Do you have a hobby you have lost touch with? Can you find a way to bring it back into your life? Do it! Do more of what you love and more of what makes you happy : )
November 30, 2015
As a designer and an entrepreneur, I am constantly keeping my eyes open for inspiration. Not just for what I will create next, but for everything that comes along with building a brand, such as finding fun and fresh ways to get the product into the market. I am thrilled to share the details of Emah's latest adventure in doing so.
Last year I met the two amazing women behind Kon-Dor. If you haven't already familiarized yourself with Kon-Dor, you should take a few minutes to do so. Not only do they create beautiful and high quality hand bags, but they are redefining what it means to have a mission behind your business. I am so inspired by the way these women emulate the ethos of their brand, and exude tremendous positivity.
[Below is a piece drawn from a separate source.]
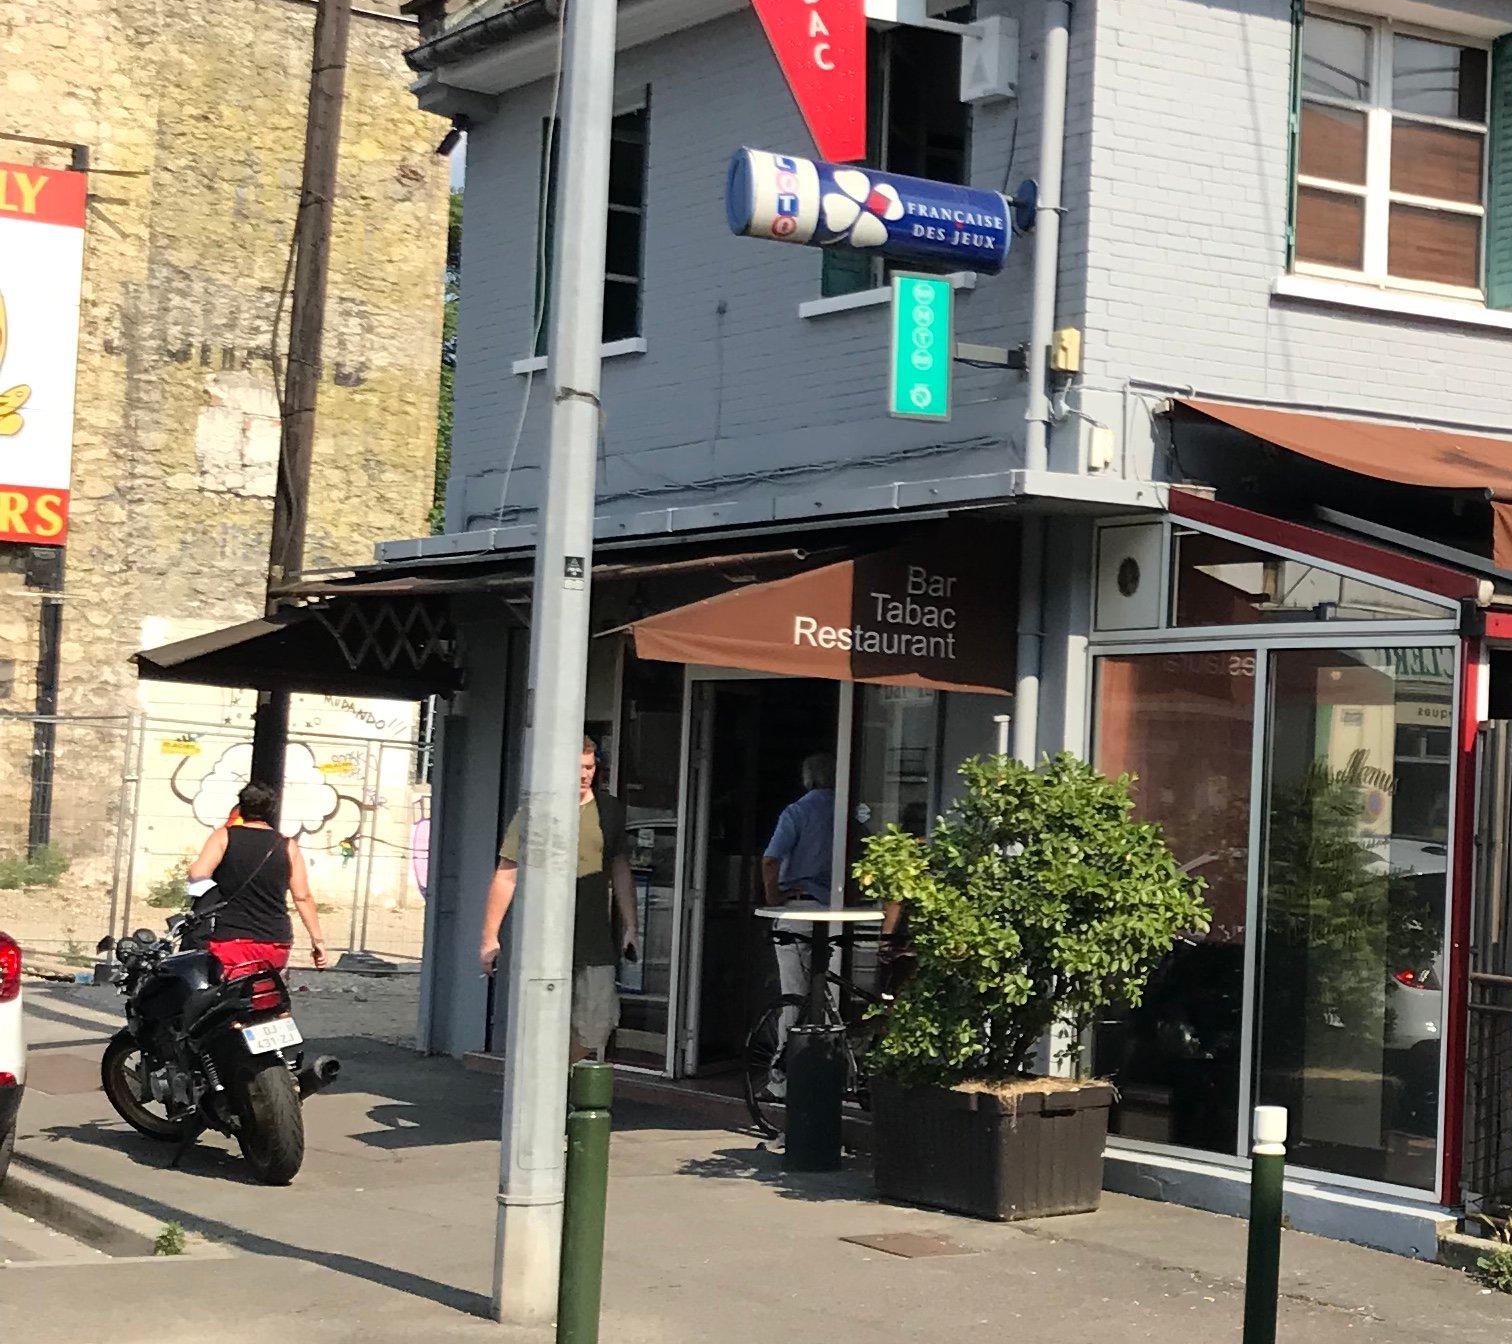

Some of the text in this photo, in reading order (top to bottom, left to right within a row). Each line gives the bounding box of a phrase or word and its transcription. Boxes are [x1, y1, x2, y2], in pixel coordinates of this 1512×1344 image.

This holiday season, Kon-Dor and Emah the Label are joining forces along with three other inspiring designers: Carla Speck, Monasita, and OAO New York, to create a weekend pop-up shop in downtown Manhattan.
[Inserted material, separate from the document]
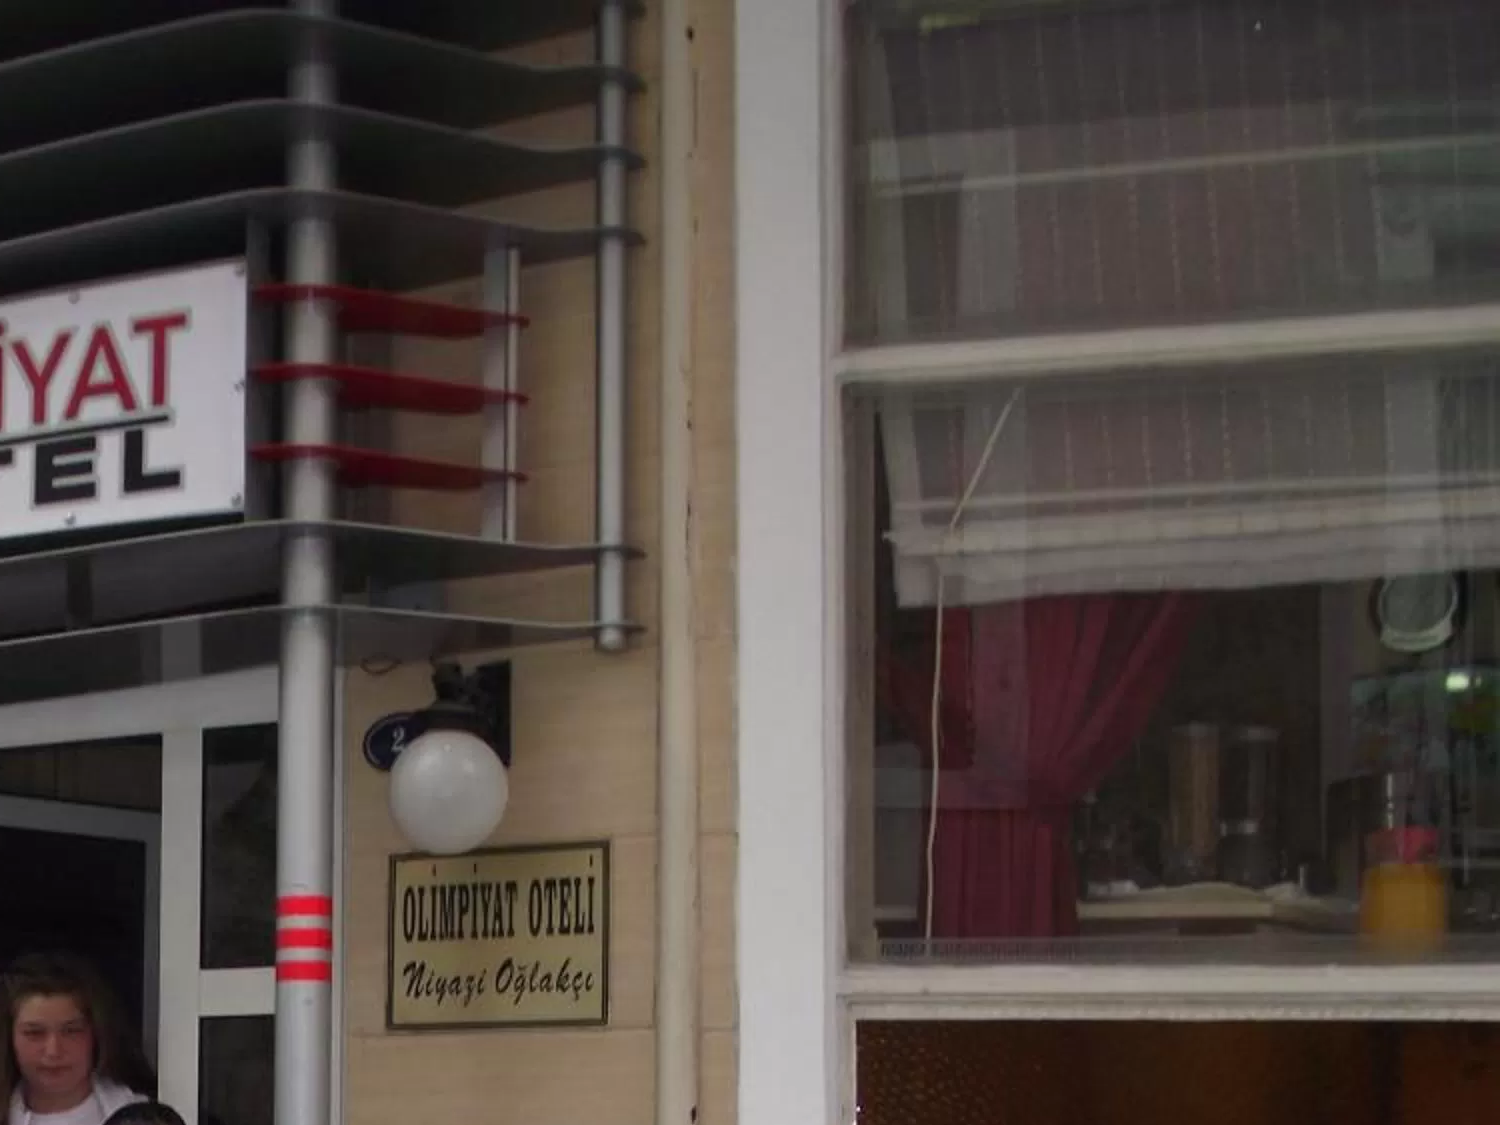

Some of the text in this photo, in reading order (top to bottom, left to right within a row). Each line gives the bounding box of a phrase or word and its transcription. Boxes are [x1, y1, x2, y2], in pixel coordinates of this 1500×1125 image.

[403, 854, 595, 942] OLİMPİYAT OTELİ
[402, 956, 595, 1007] Niyazi Oğlakçı
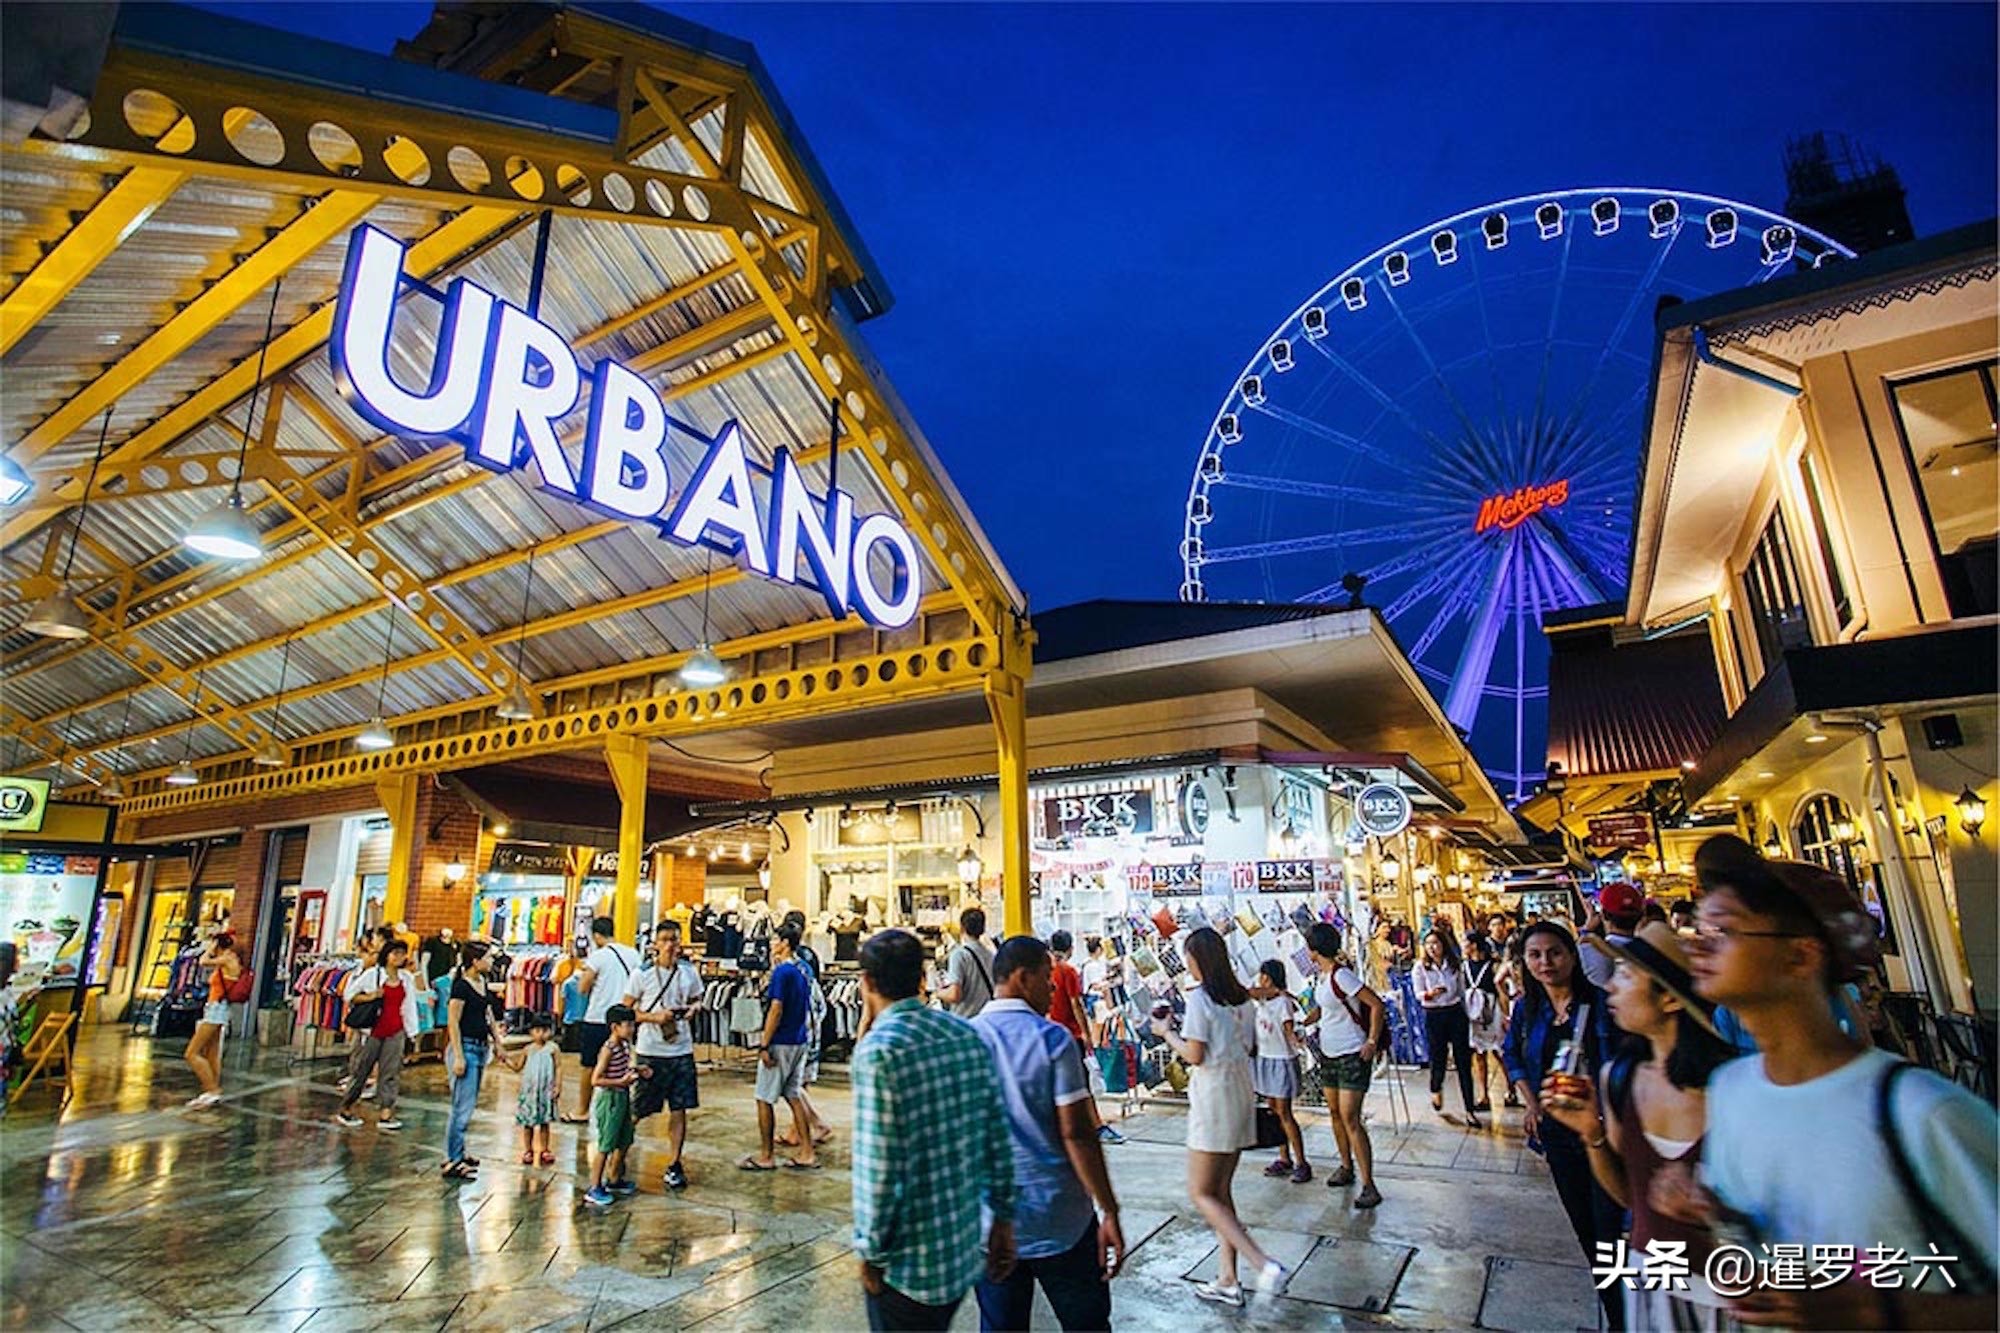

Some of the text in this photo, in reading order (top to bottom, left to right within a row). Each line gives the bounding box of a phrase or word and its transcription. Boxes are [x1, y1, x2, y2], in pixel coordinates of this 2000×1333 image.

On Saturday December 12th, we will be at 149 Elizabeth Street from 10am-7pm. I am so honored and exciting to be collaborating with these hard working women for such a great event.
Here are some of the items Emah will be showcasing at the shop:
- Tops hand painted by Callie McDonald, and hand made by Ellie Hottinger as part of the EMAHxCALLIE collaboration project.
- Tops hand painted and hand made by Ellie Hottinger
- Runway items from the Spring 15 show
- Miscellaneous pieces from the Emah archives
To learn more about each pop up shop participant, visit their websites listed below and follow along to keep up with their stories!
Hope to see you there!
OAO NEW YORK
October 12, 2015
Anyone who knows Callie McDonald knows she is the doodle queen. However, do not be fooled by the elementary connotation of "doodle", for these are not your average scribbles. They are pure magic. While Callie is experienced in a variety of artful mediums, it is her relationship simply with markers that fascinates me the most. Her ability to transform blank space into a wonderful, whimsical, makes-you-feel-magical piece of art, is something I wanted to bring even more to life- and what better way than to give it a body?
Emah and Callie are coming together to bring you the ultimate version of wearable art. Our "EMAHxCALLIE" capsule collection will include two different styles of tops, each hand painted with a unique print by Callie.